Tais regras, integradas, constituem sem dúvida uma tessitura de favorecimento às empresas em tela. Entretanto, cabe lembrar observação feita a propósito de artigos anteriores (42, 43): não é preciso ter capacidade premonitória para visualizar as dúvidas e tropeços que inevitavelmente surgirão em nível operacional, uma vez posto em andamento o rito formal do procedimento licitatório em uma situação concreta e tendo em vista determinado objeto.

Especificamente quanto ao inciso I do artigo e à licitação convite, não imaginamos problemas significativos, posto que, doravante, essa modalidade (cujo limite de valor, estabelecido no art. 23, II, “a”, da LNL, foi agora reiterado) pode-se considerar direcionada “exclusivamente” para as ME e EPP, tanto para contratações de compra, obra ou serviço.

É de se atentar para o fato de que o valor fixado é específico para cada contratação, e não para todo o regime de competência.

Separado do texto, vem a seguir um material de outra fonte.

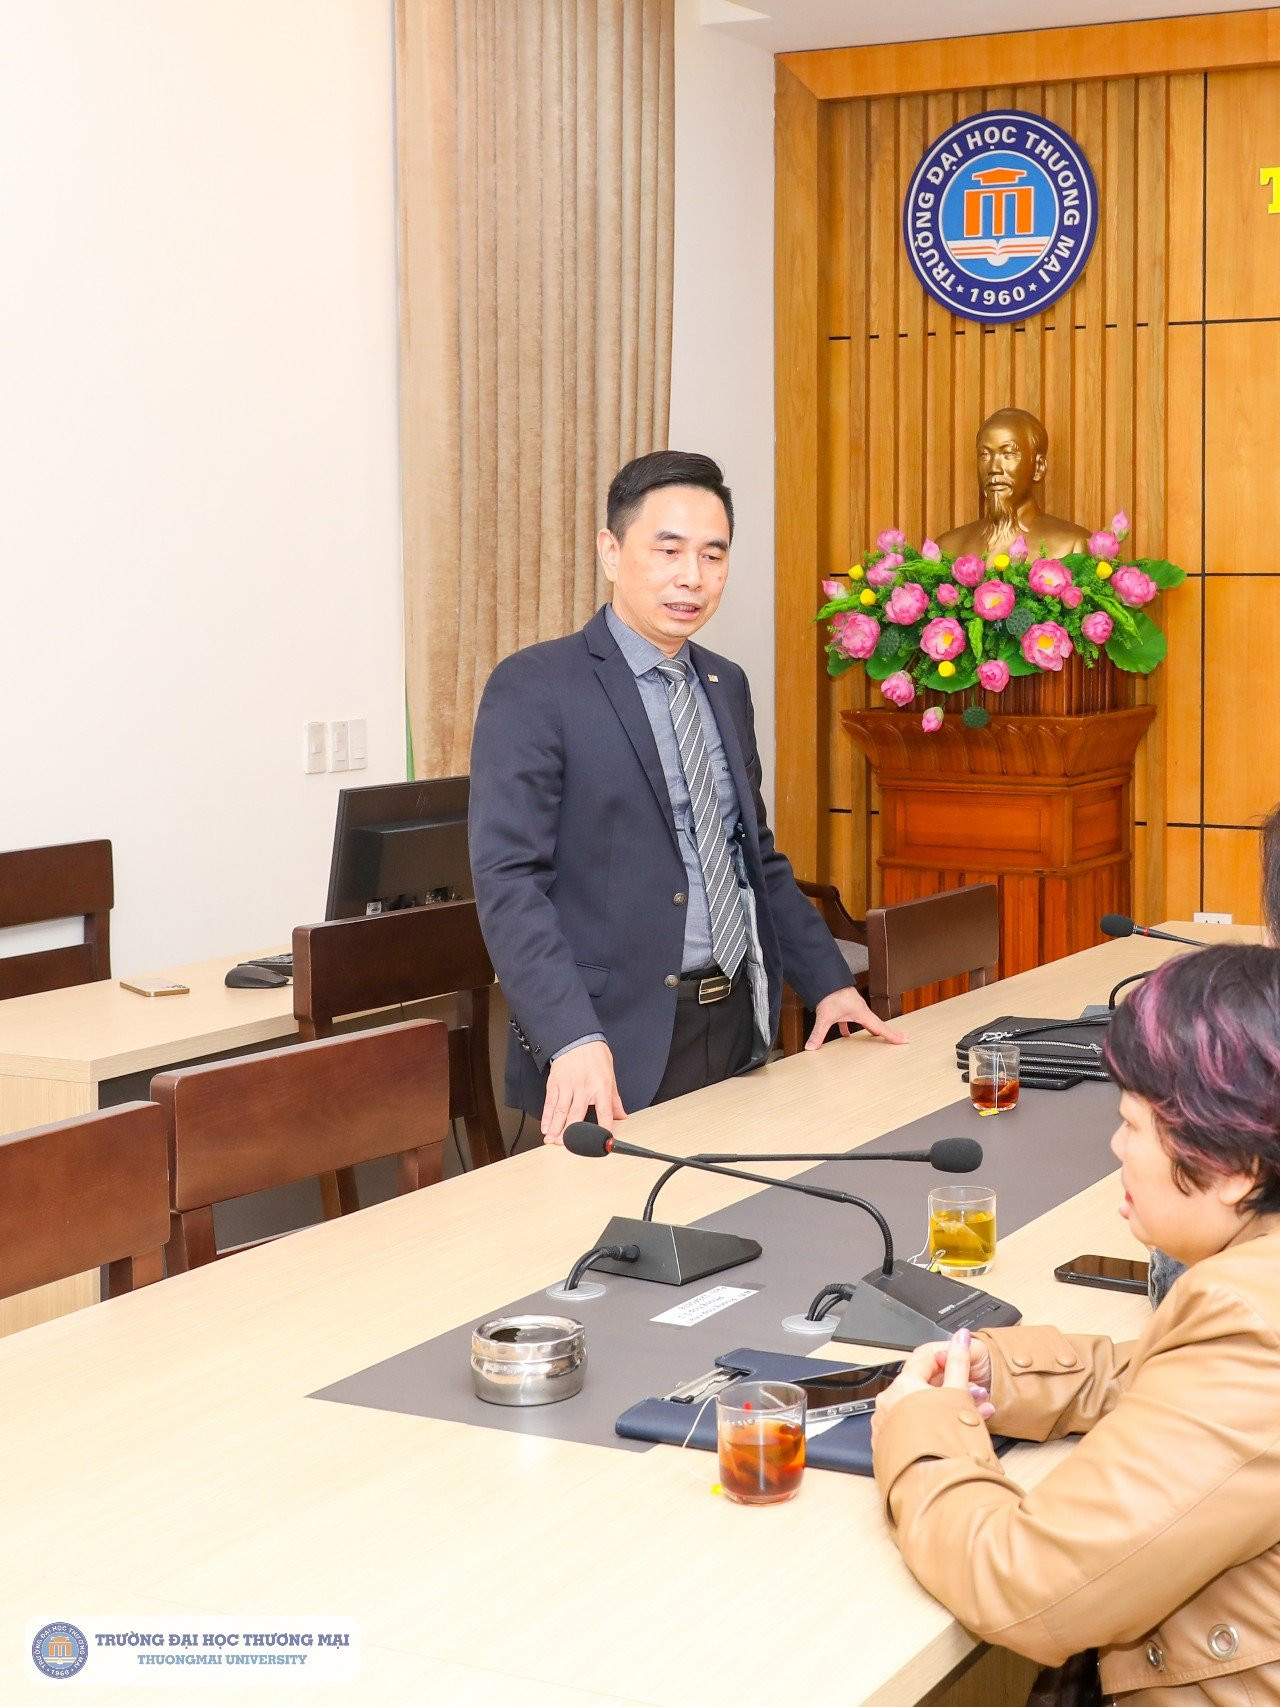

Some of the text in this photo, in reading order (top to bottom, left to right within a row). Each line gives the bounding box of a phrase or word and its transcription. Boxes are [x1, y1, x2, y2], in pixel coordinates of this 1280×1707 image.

[915, 126, 1081, 292] TRƯỜNG ĐẠI HỌC THƯƠNG MẠI
[970, 286, 1026, 305] 1960
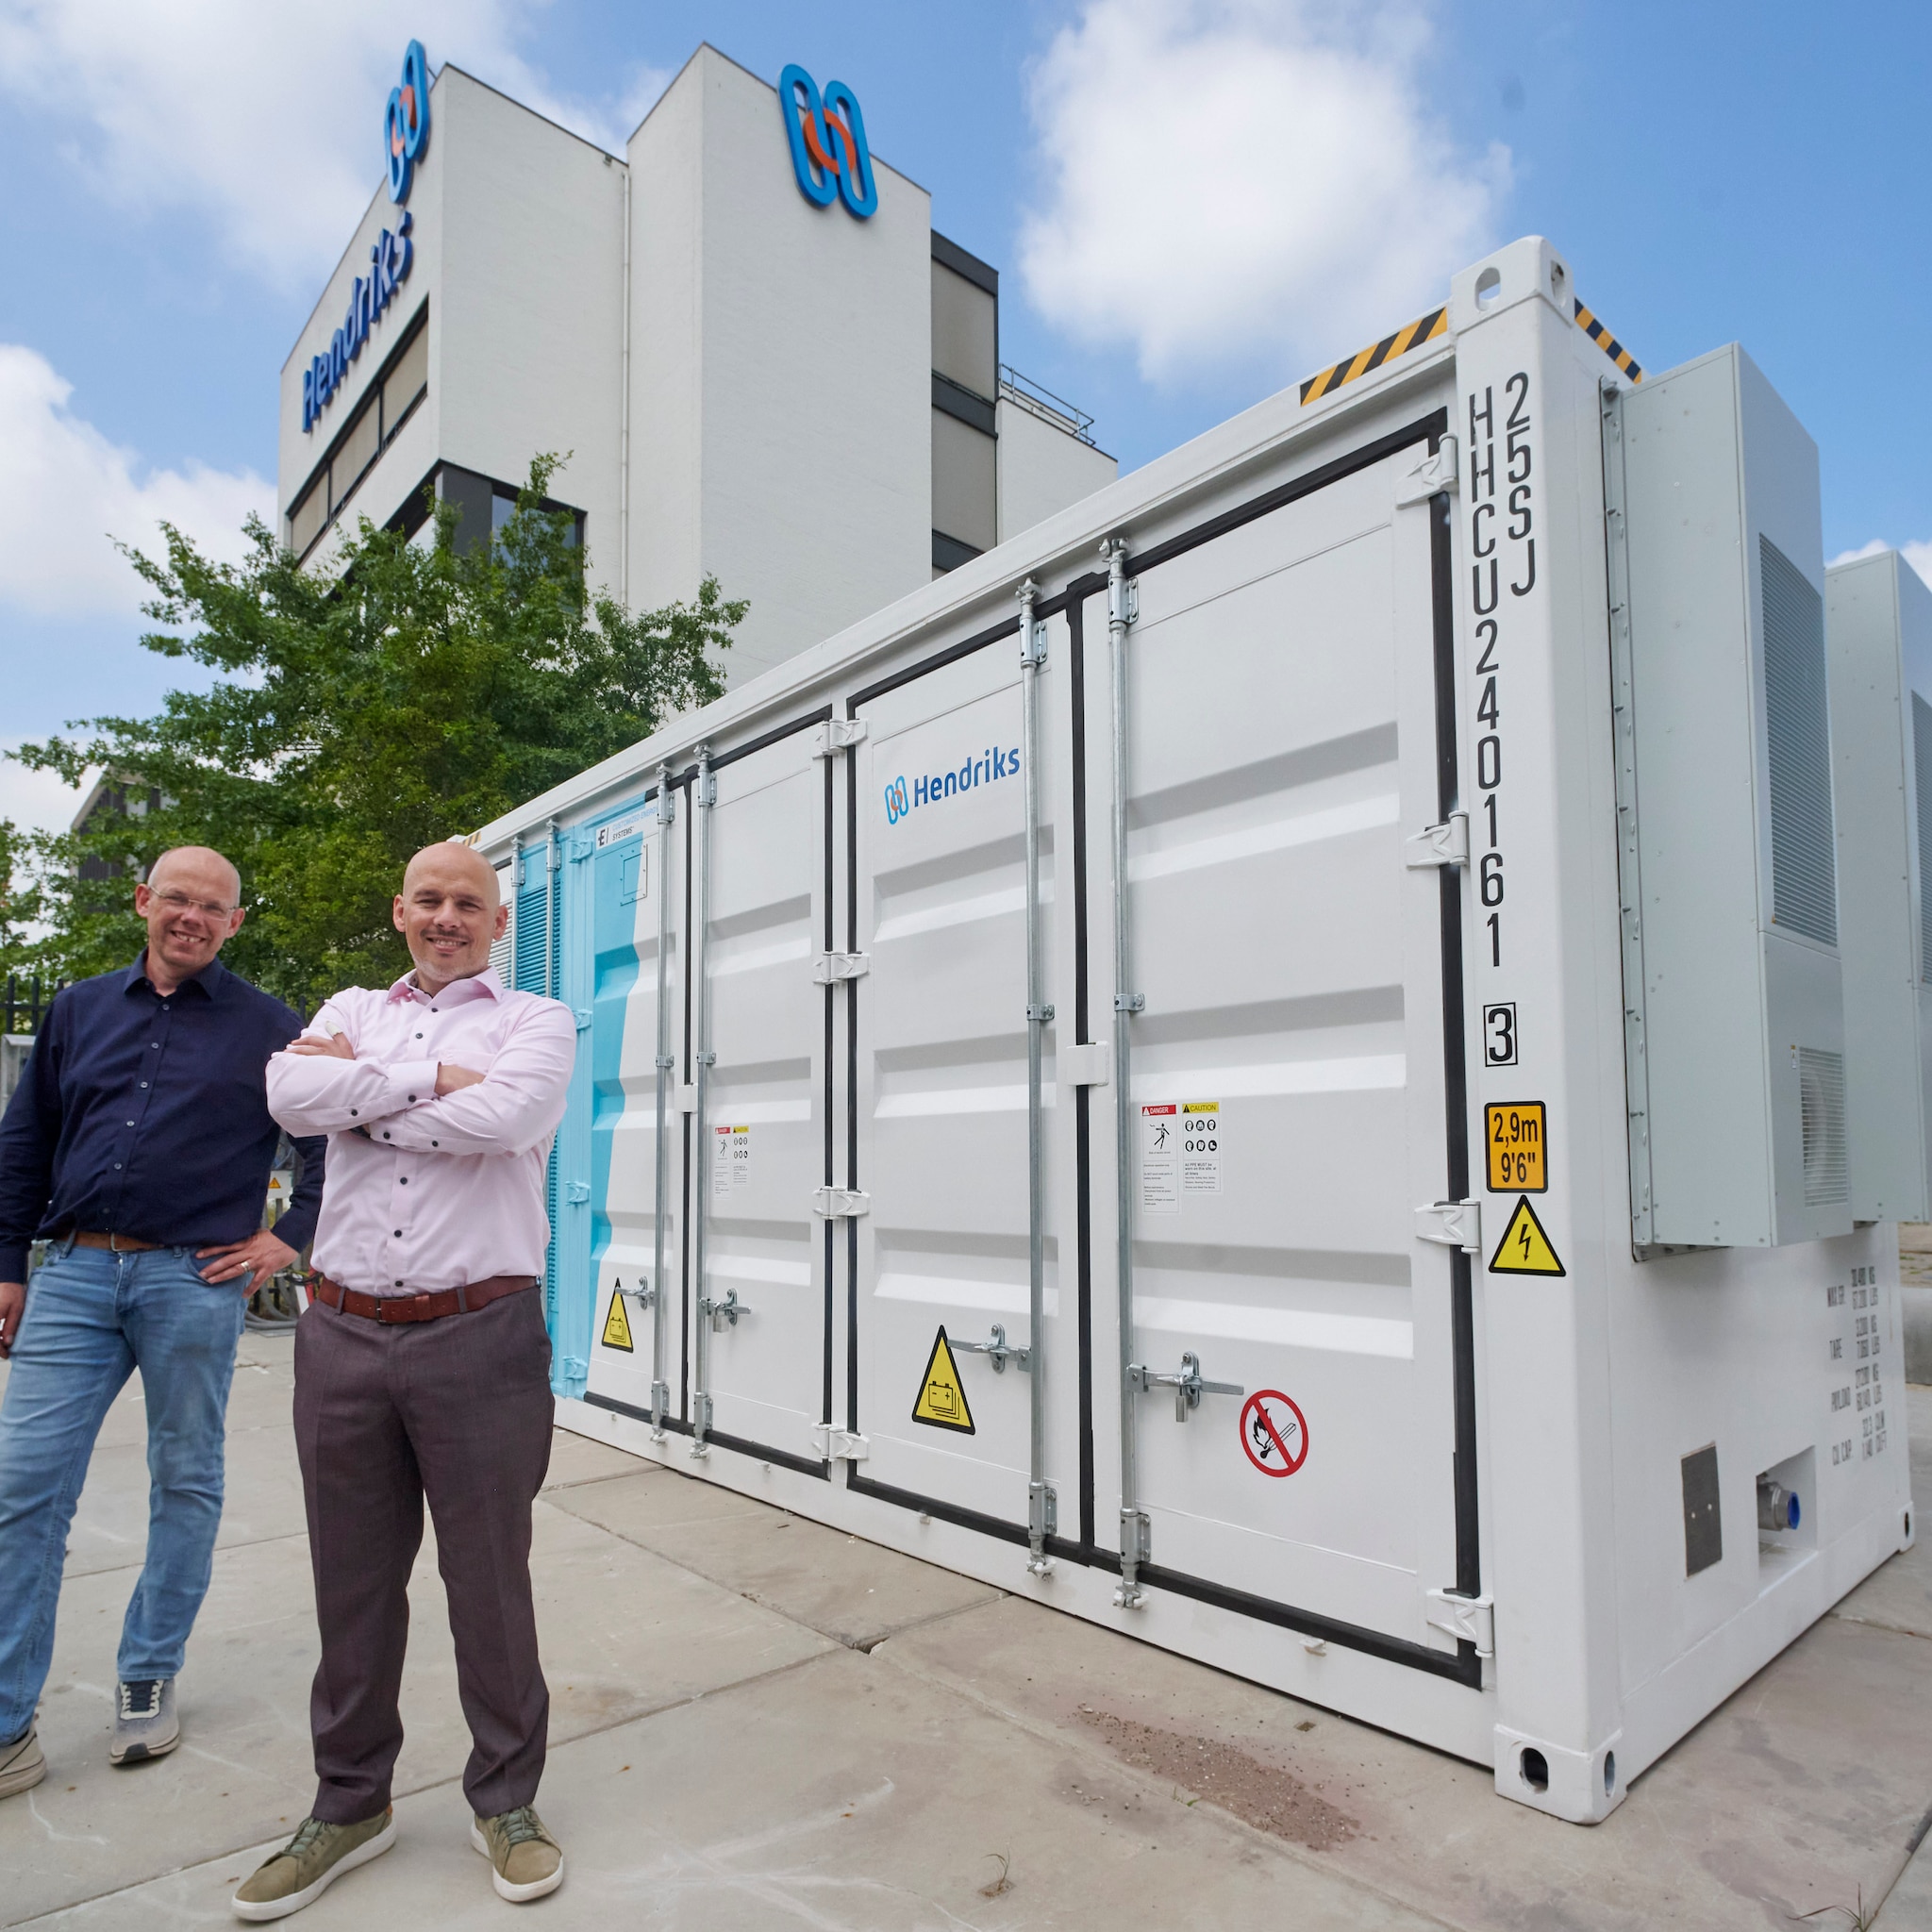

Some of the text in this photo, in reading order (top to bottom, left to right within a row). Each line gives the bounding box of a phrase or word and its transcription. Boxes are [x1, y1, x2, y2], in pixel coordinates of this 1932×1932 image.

Cremos, entretanto, que as dificuldades começarão quando acorrerem à mesma licitação concorrentes de portes diversos, e a Administração, por força de diretrizes contrastantes aplicáveis a uma e outra, veja-se obrigada a tratá-los diferentemente. Essa contingência pode provocar um acréscimo de impugnações, reclamações e recursos, implicando talvez mais atrasos e ineficiência no campo prático dos certames públicos. Enfim, cumpre equacionar adequadamente as dificuldades e, se possível, superá-las.

Uma cautela preliminar é que a subcontratação de ME e EPP, prevista no inc. II, figure de forma bem explícita e detalhada nos editais, que devem especificar o valor estimado do contrato com a delimitação do percentual de trinta por cento destinado à referida subcontratação, bem como previsão minuciosa de todas as condições cabíveis.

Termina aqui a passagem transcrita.